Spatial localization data
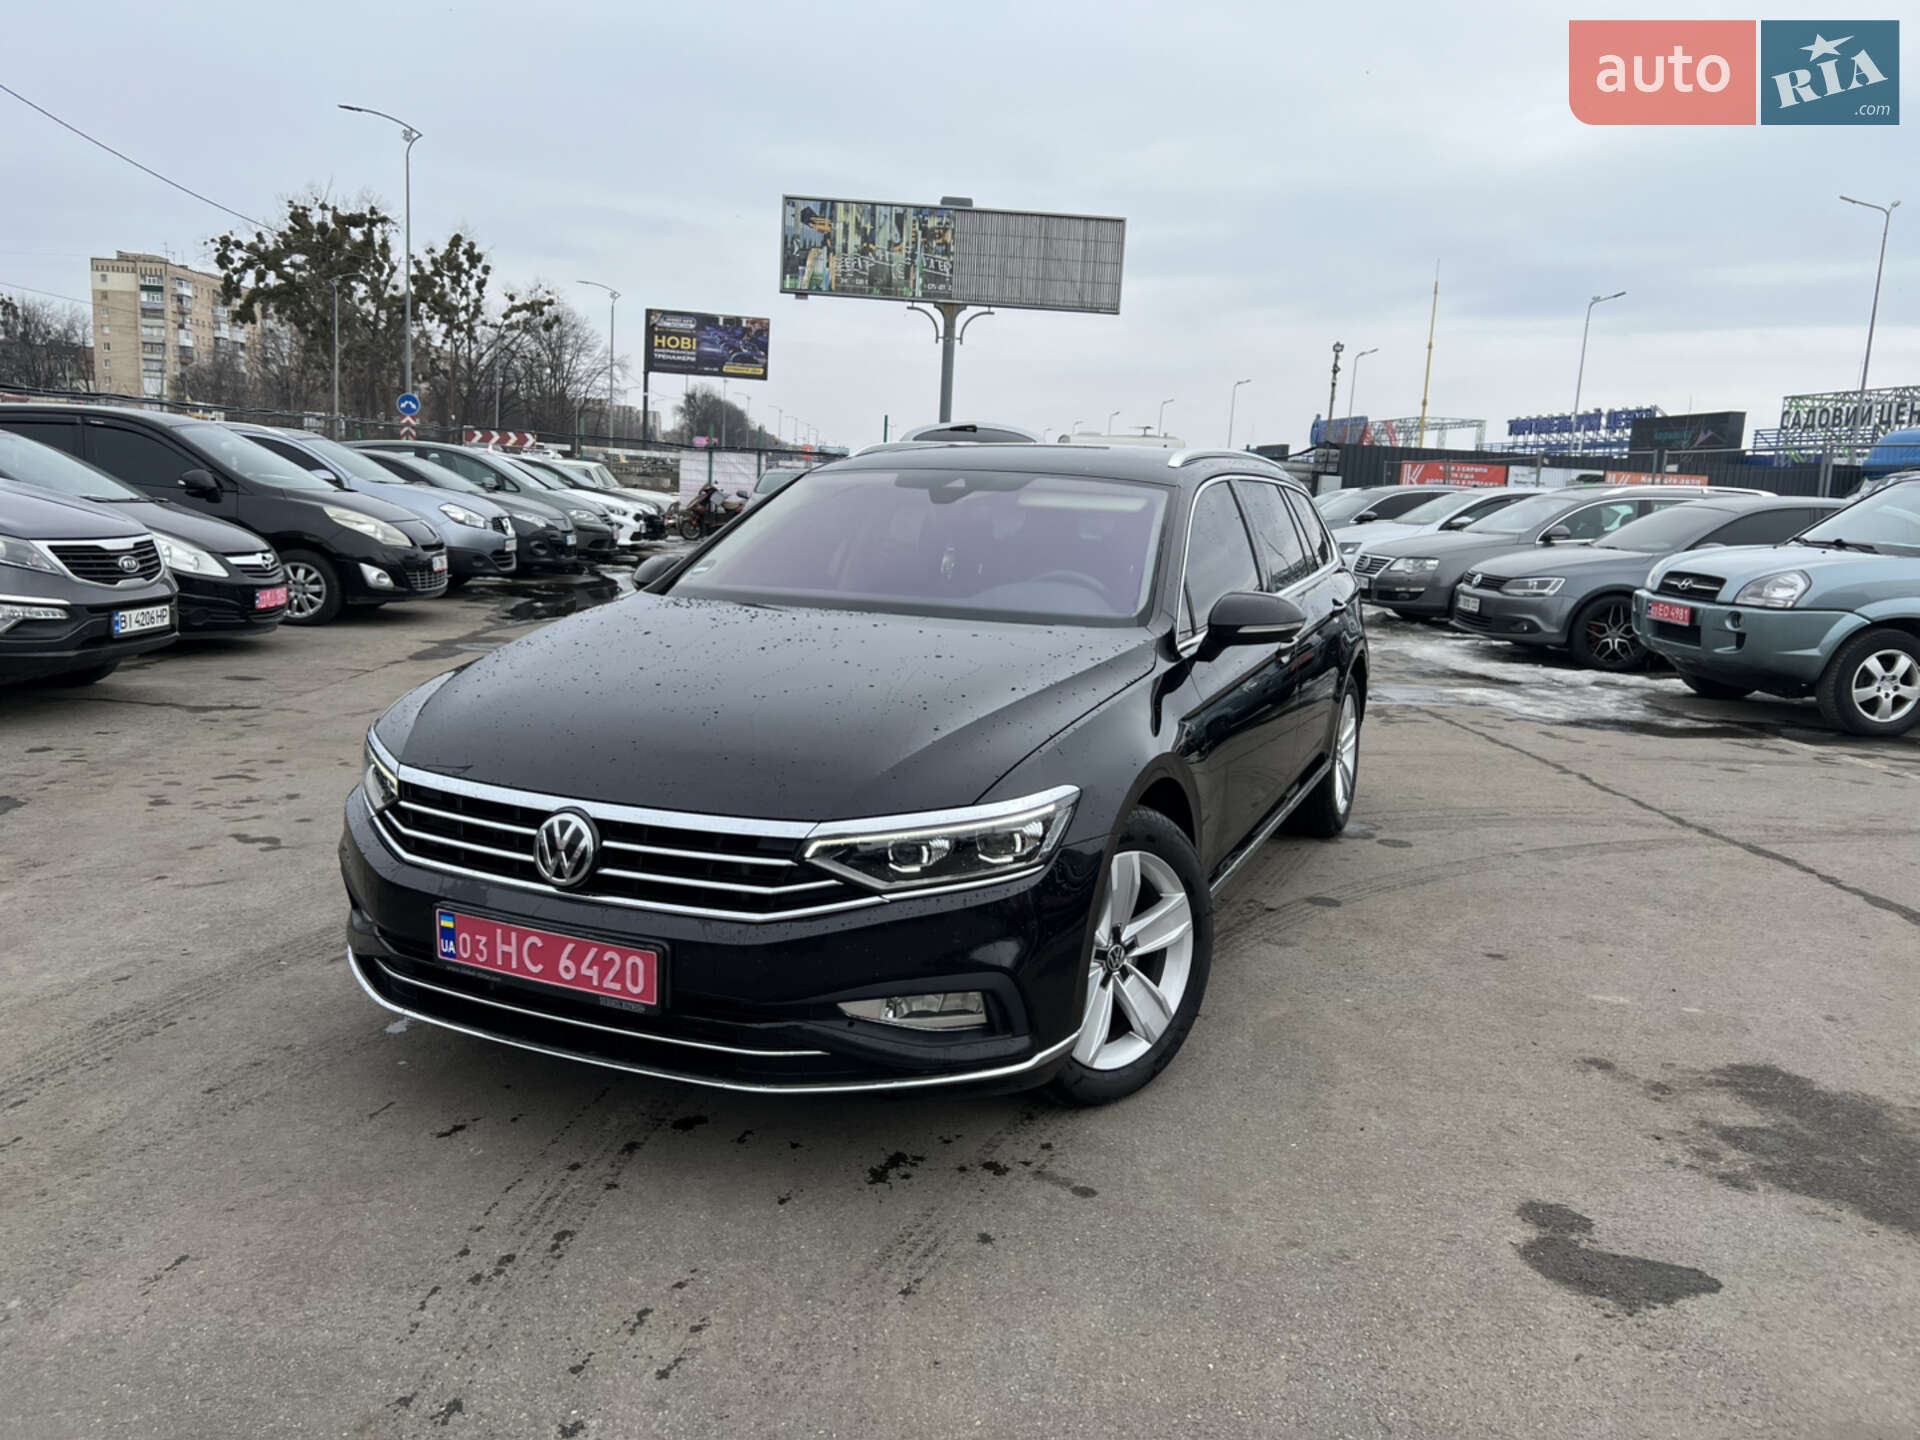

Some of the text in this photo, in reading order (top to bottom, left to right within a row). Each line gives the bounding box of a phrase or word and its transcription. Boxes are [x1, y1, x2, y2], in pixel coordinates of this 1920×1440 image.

[654, 335, 697, 350] НОВІ
[1780, 399, 1873, 432] САДОВИЙ
[135, 609, 156, 628] 4206
[156, 606, 168, 622] HP
[441, 939, 456, 954] UA
[458, 929, 645, 995] 03 HC 6420
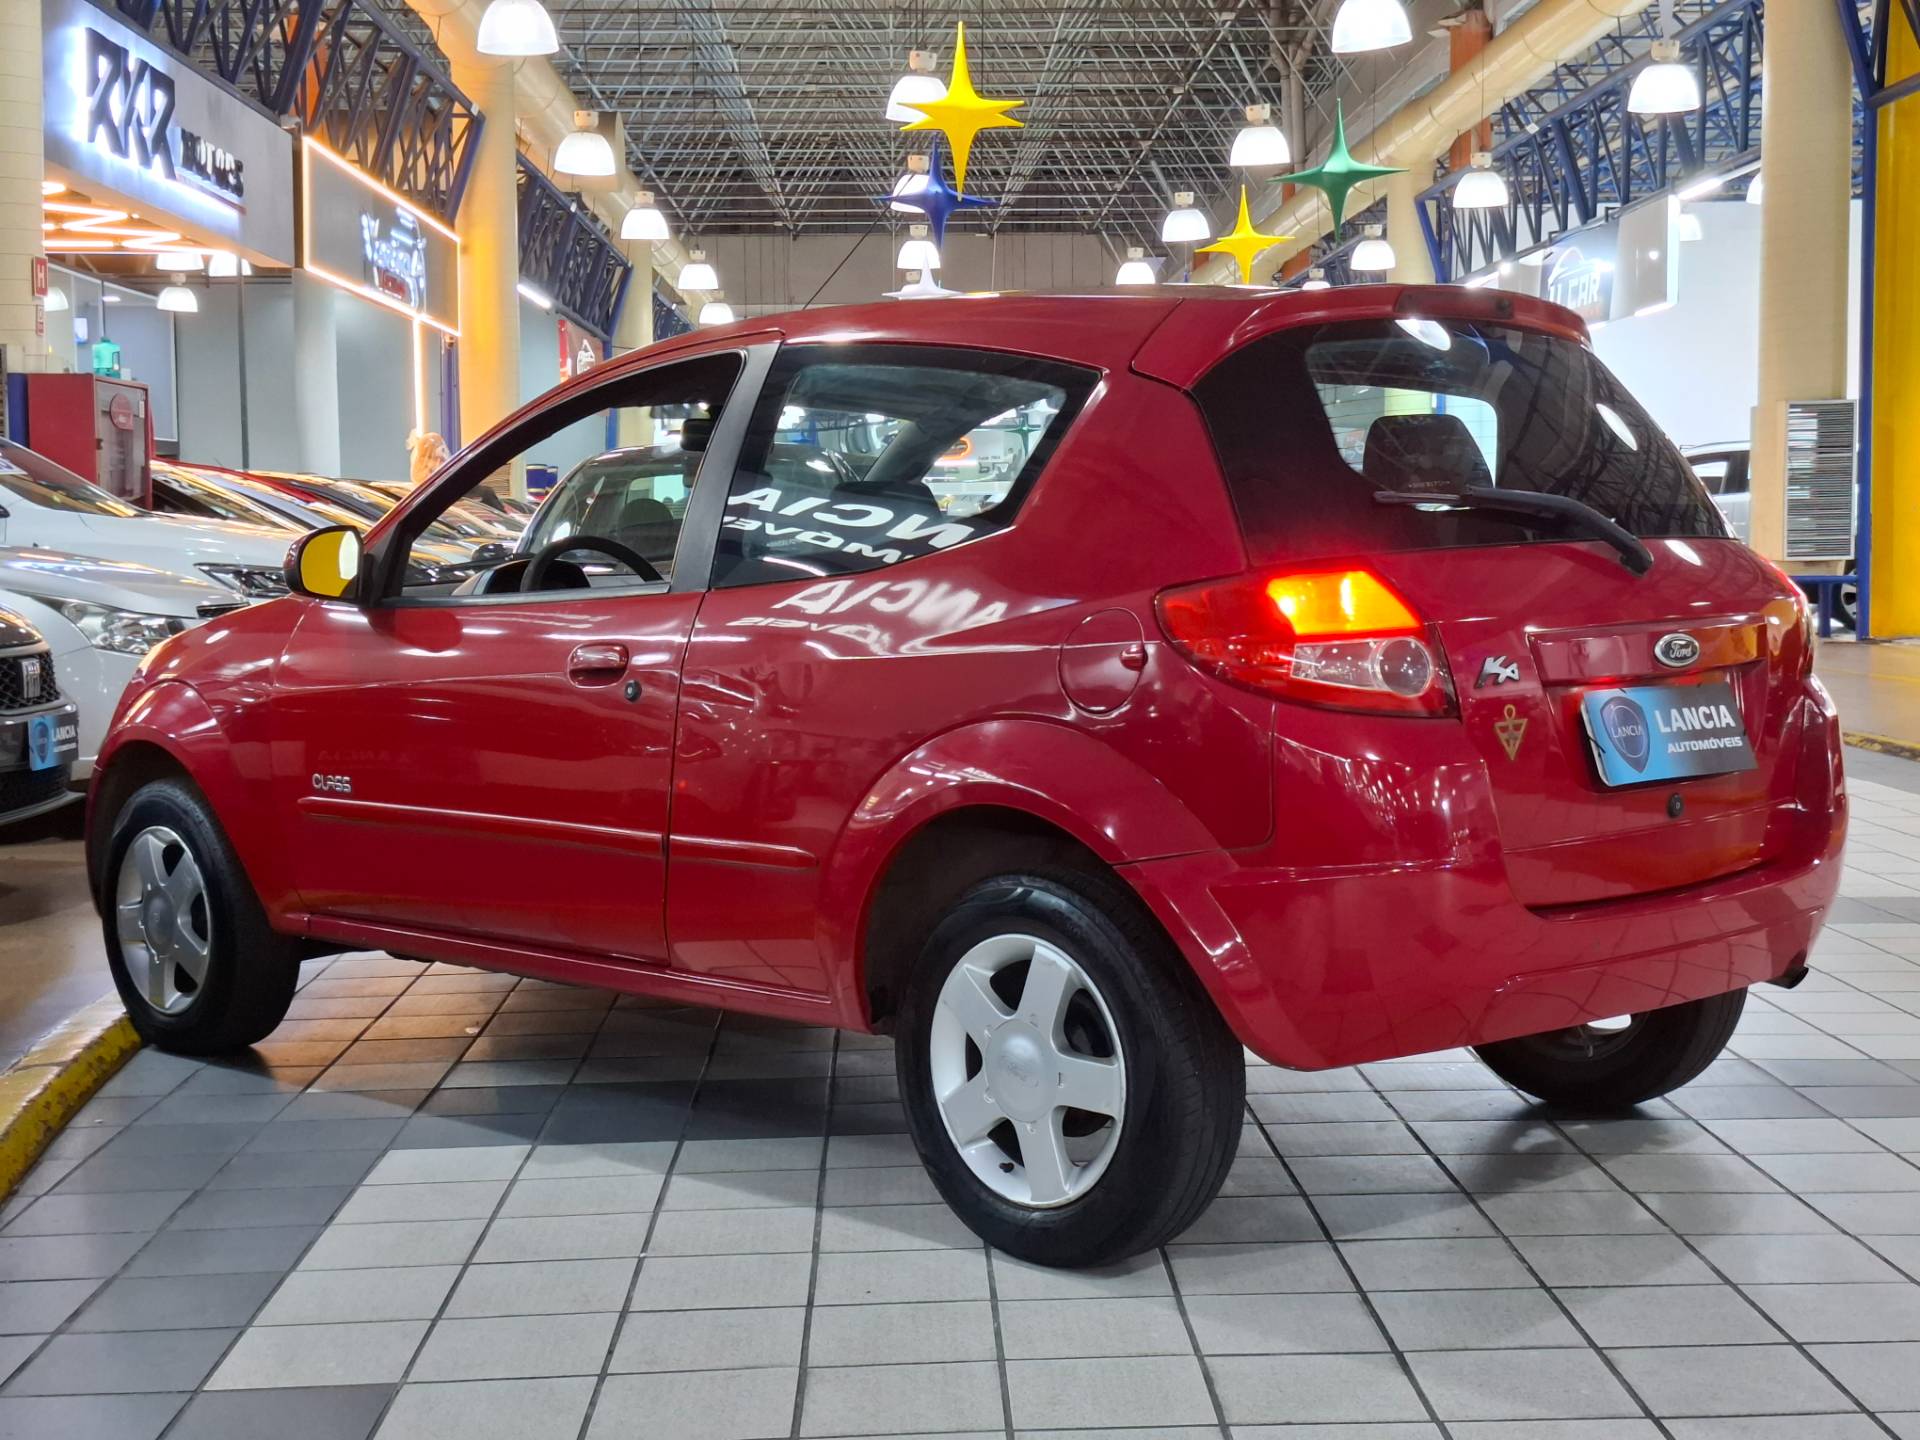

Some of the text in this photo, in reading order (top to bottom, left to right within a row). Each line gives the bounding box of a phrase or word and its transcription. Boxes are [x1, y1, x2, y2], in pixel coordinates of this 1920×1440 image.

[179, 126, 244, 198] MOTORS
[1669, 640, 1692, 658] Ford
[1655, 704, 1736, 733] LANCIA
[1612, 723, 1643, 738] LANCIA
[1667, 736, 1743, 754] AUTOMÓVEIS
[312, 773, 352, 793] CLASS
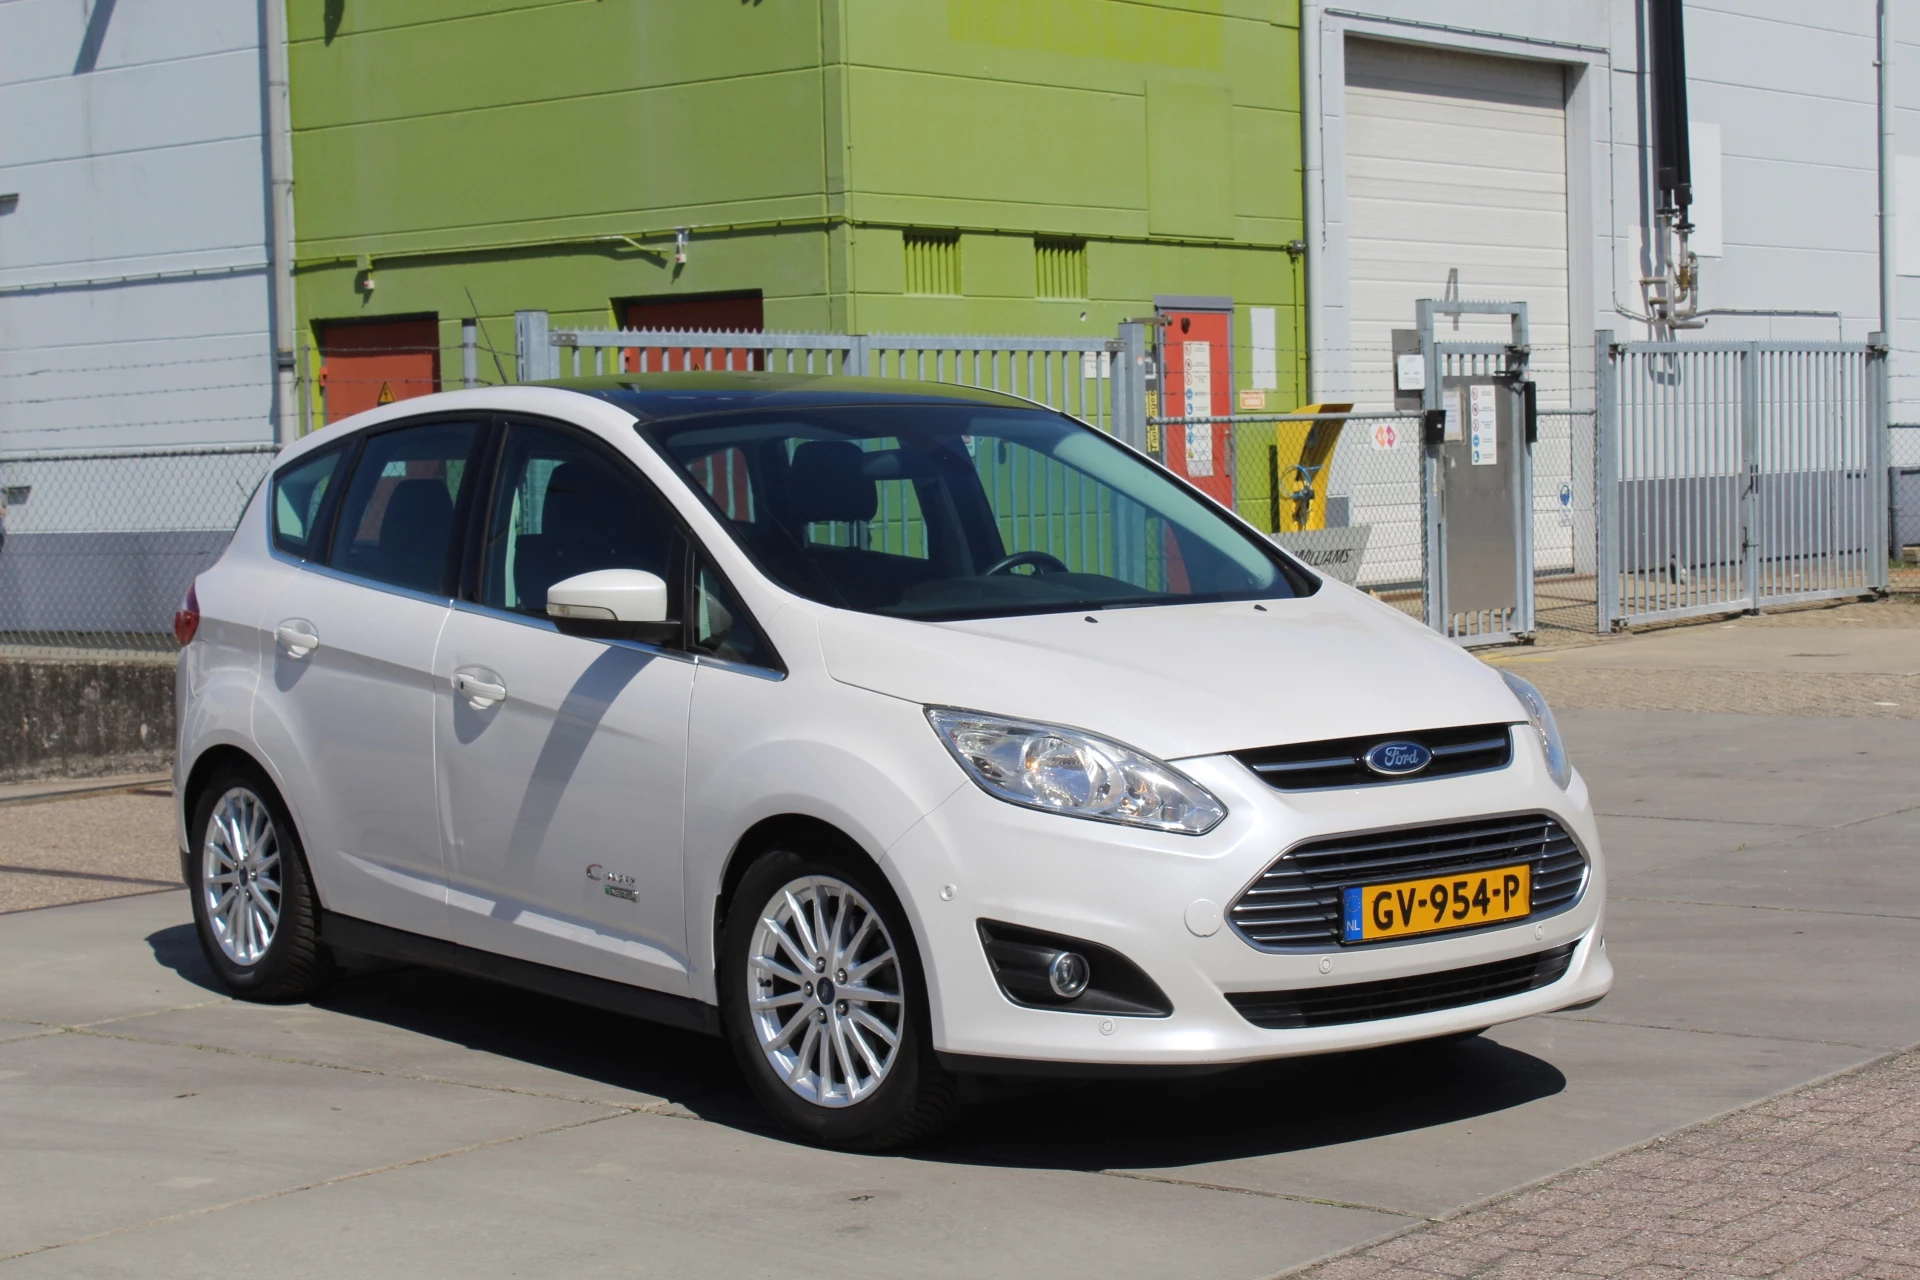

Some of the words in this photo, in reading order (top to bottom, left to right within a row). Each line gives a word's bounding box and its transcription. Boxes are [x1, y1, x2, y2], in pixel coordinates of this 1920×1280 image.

[1443, 268, 1462, 331] 4
[1384, 746, 1418, 767] Ford
[1372, 874, 1520, 931] GV-954-P
[1346, 919, 1361, 932] NL

Work to complete -> Keep every word of the records and none of the pictures when you print them again.

Answer for this exercise ->
Some of the text in this photo, in reading order (top to bottom, left to right within a row). Each line gives the bounding box of a phrase or word and its transcription. Boxes are [x1, y1, x2, y2], in pixel coordinates of this 1920×1440 image.

[654, 335, 697, 350] НОВІ
[1780, 399, 1873, 432] САДОВИЙ
[135, 609, 156, 628] 4206
[156, 606, 168, 622] HP
[441, 939, 456, 954] UA
[458, 929, 645, 995] 03 HC 6420

Some of the text in this photo, in reading order (top to bottom, left to right within a row). Each line gives the bounding box of a phrase or word and its transcription. Boxes are [x1, y1, x2, y2], in pixel coordinates of this 1920×1440 image.

[179, 126, 244, 198] MOTORS
[1669, 640, 1692, 658] Ford
[1655, 704, 1736, 733] LANCIA
[1612, 723, 1643, 738] LANCIA
[1667, 736, 1743, 754] AUTOMÓVEIS
[312, 773, 352, 793] CLASS

Some of the words in this photo, in reading order (top to bottom, left to right within a row). Each line gives a word's bounding box and its transcription. Boxes are [x1, y1, x2, y2], in pixel coordinates of this 1920×1280 image.

[1443, 268, 1462, 331] 4
[1384, 746, 1418, 767] Ford
[1372, 874, 1520, 931] GV-954-P
[1346, 919, 1361, 932] NL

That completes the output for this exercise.